MATERIAL FOR THIS TASK START

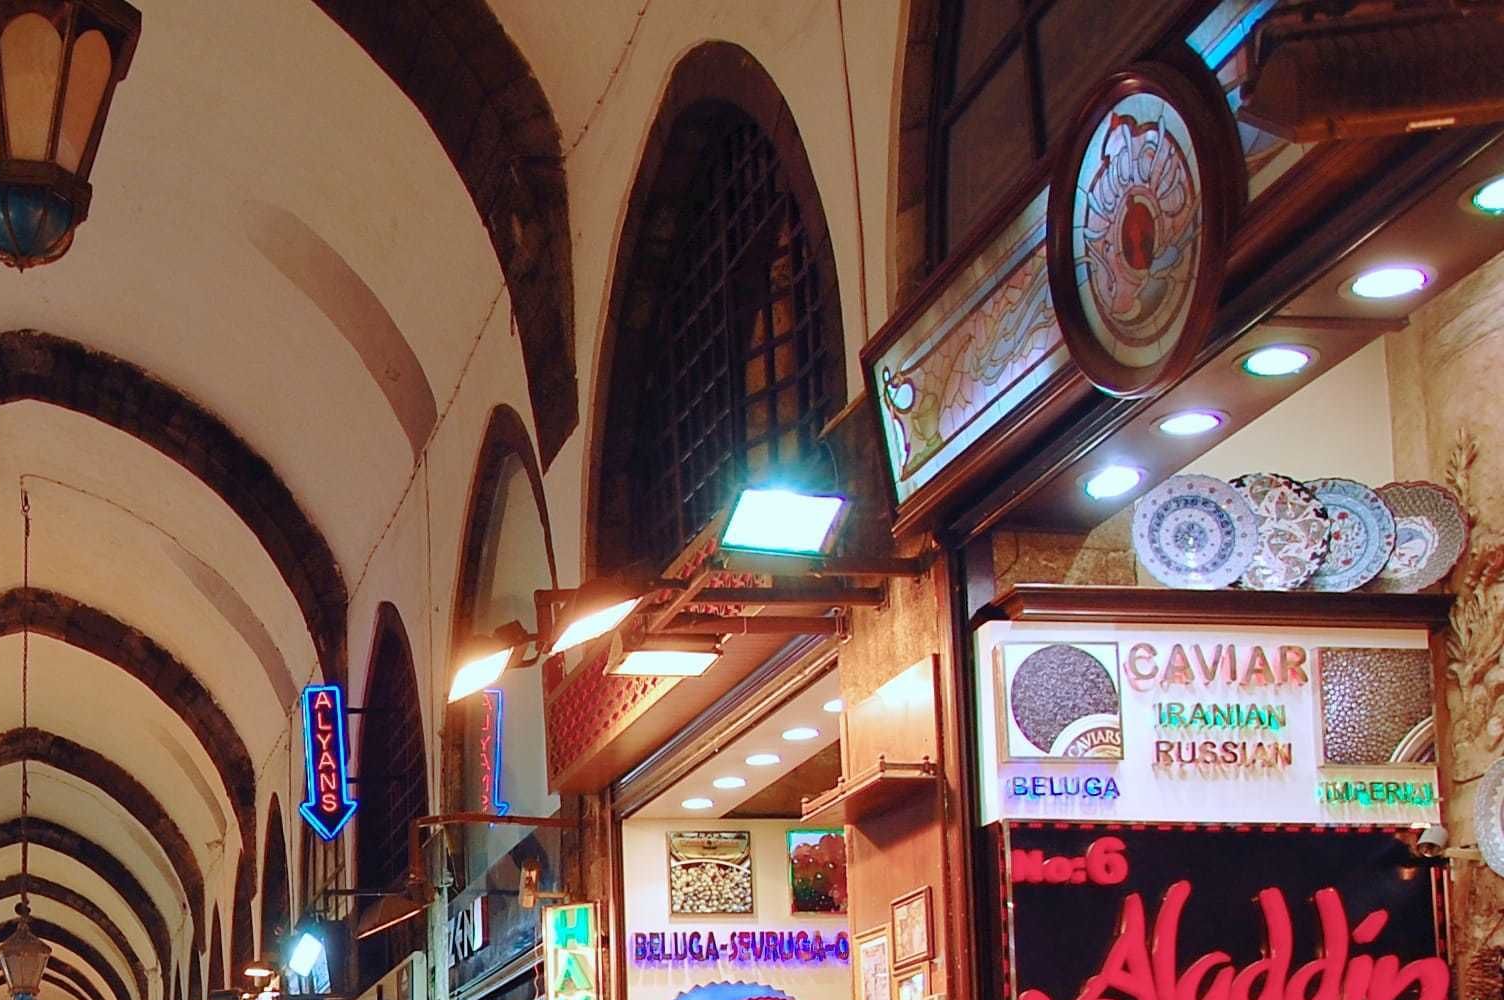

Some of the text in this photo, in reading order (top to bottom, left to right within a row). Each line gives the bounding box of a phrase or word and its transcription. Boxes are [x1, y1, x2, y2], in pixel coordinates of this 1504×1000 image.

[1128, 641, 1309, 690] CAVIAR
[1154, 701, 1287, 728] IRANIAN
[315, 691, 337, 812] ALYANS
[1067, 728, 1122, 757] CAVIARS
[1153, 740, 1294, 765] RUSSIAN
[1010, 776, 1121, 798] BELUGA
[1320, 780, 1438, 804] IMPERIAL
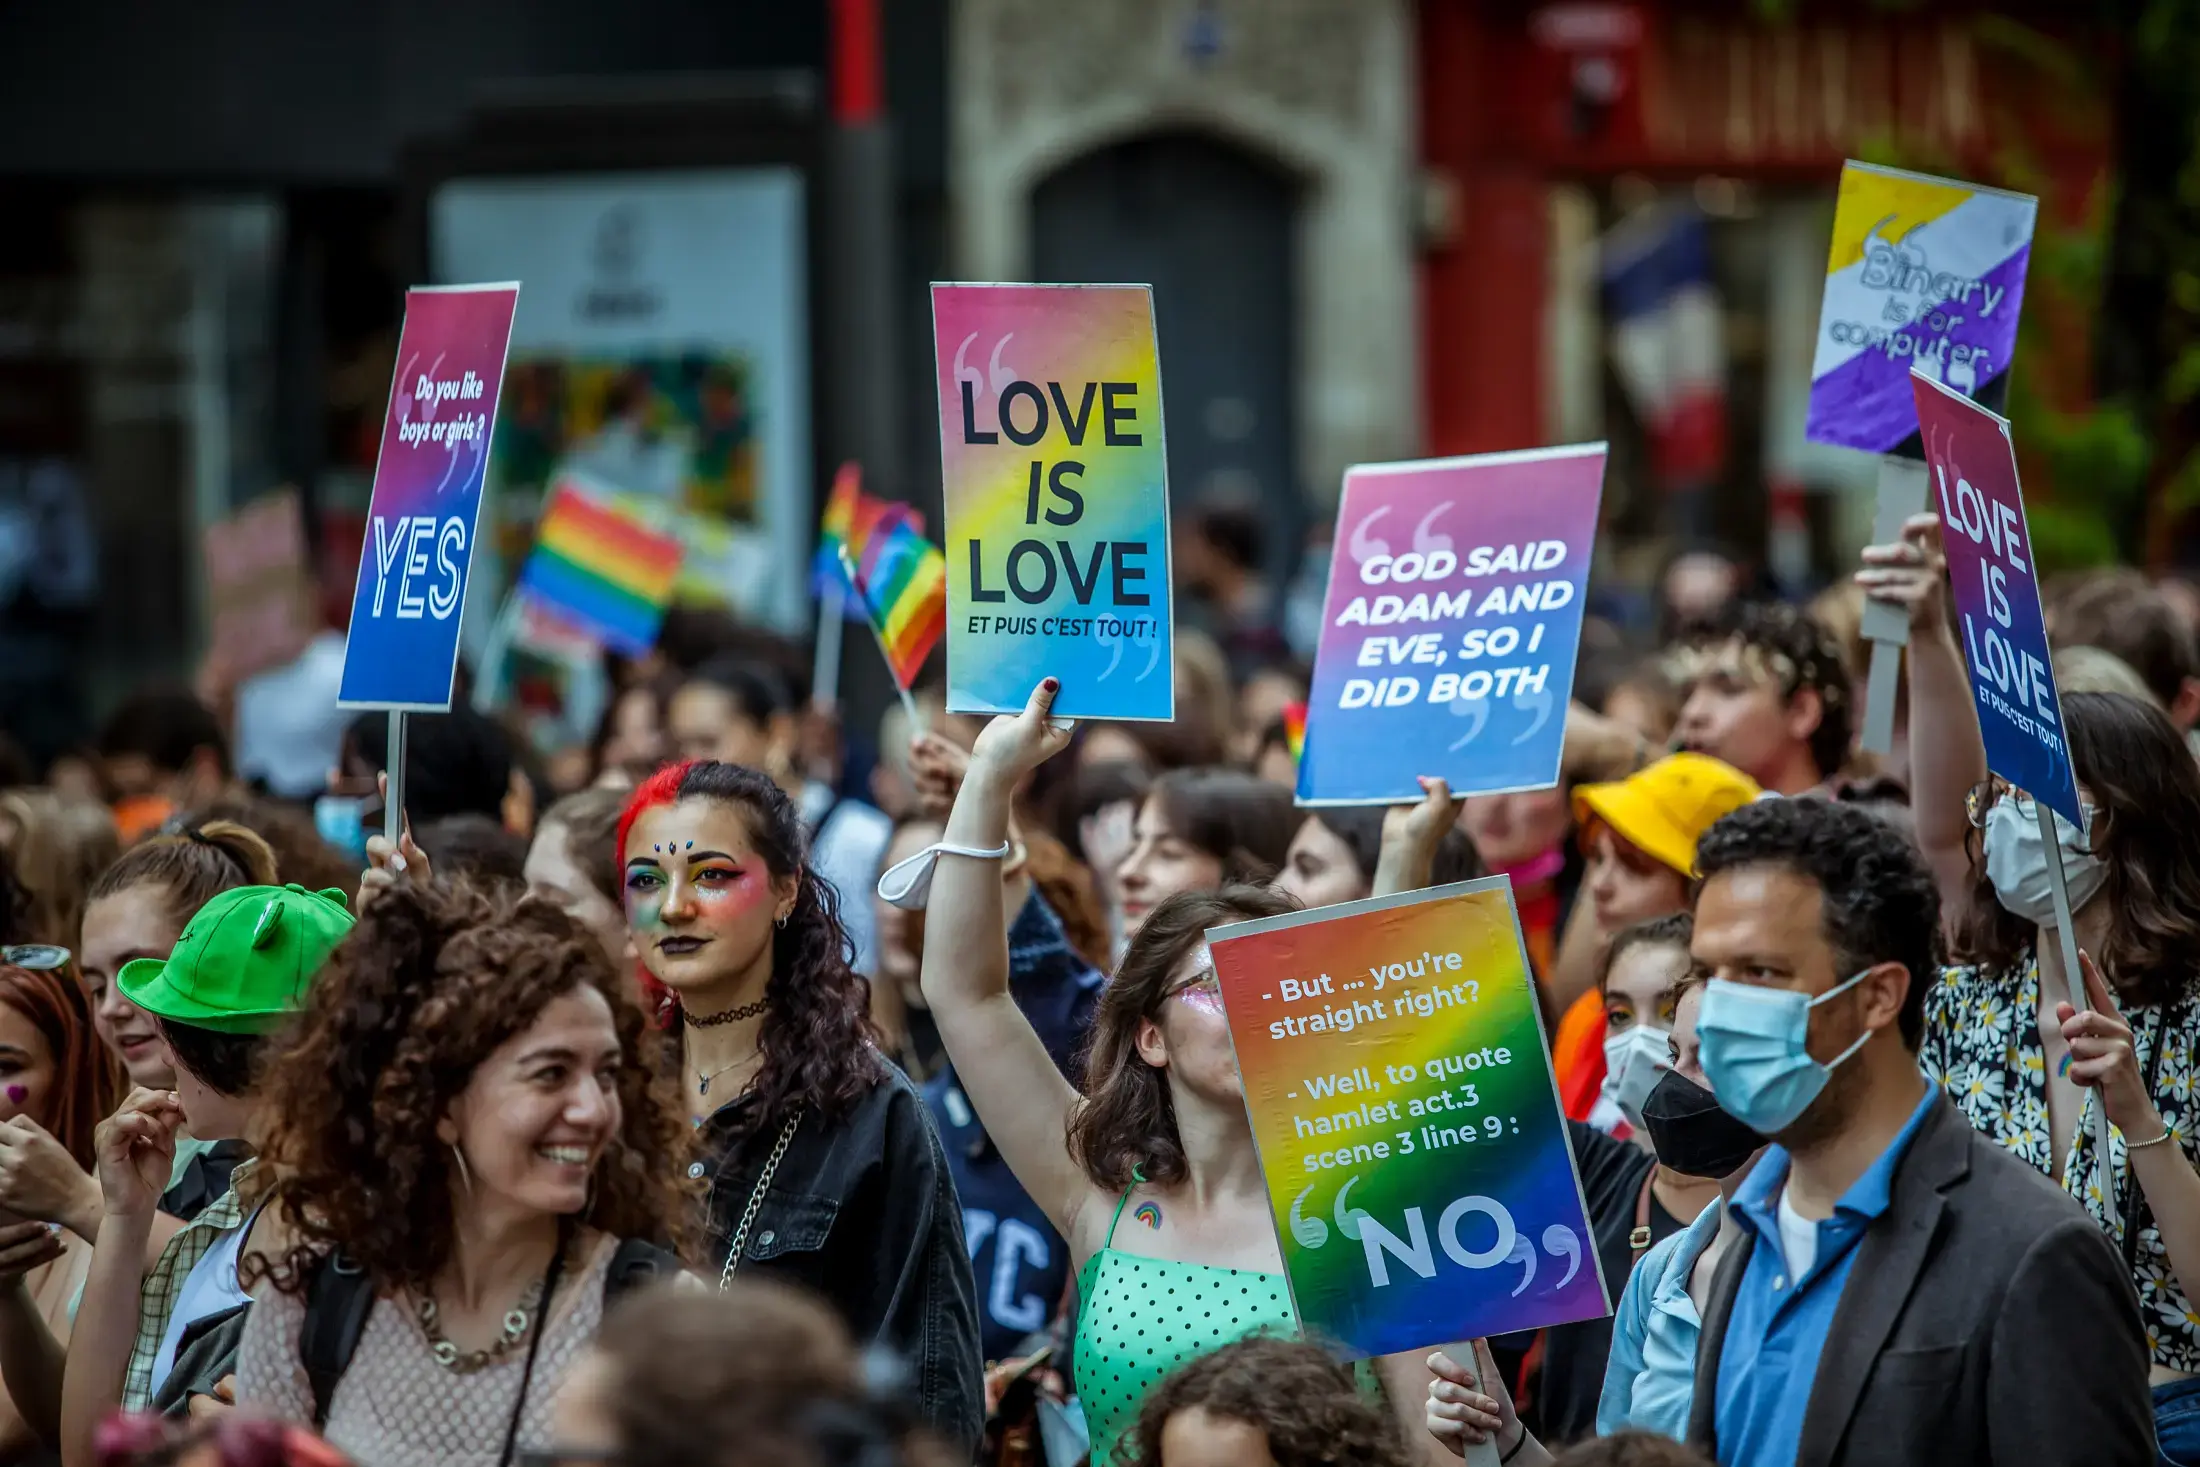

MATERIAL FOR THIS TASK END

EXERCISE: Each entry above should be written out verbatim, minus its pictures.

RESPONSE TO THIS TASK:
Some of the text in this photo, in reading order (top to bottom, left to right within a row). Each line gives the bounding box of a phrase or word and its transcription. Boxes are [x1, y1, x2, y2], in pixel coordinates of this 1504×1000 image.

[1128, 641, 1309, 690] CAVIAR
[1154, 701, 1287, 728] IRANIAN
[315, 691, 337, 812] ALYANS
[1067, 728, 1122, 757] CAVIARS
[1153, 740, 1294, 765] RUSSIAN
[1010, 776, 1121, 798] BELUGA
[1320, 780, 1438, 804] IMPERIAL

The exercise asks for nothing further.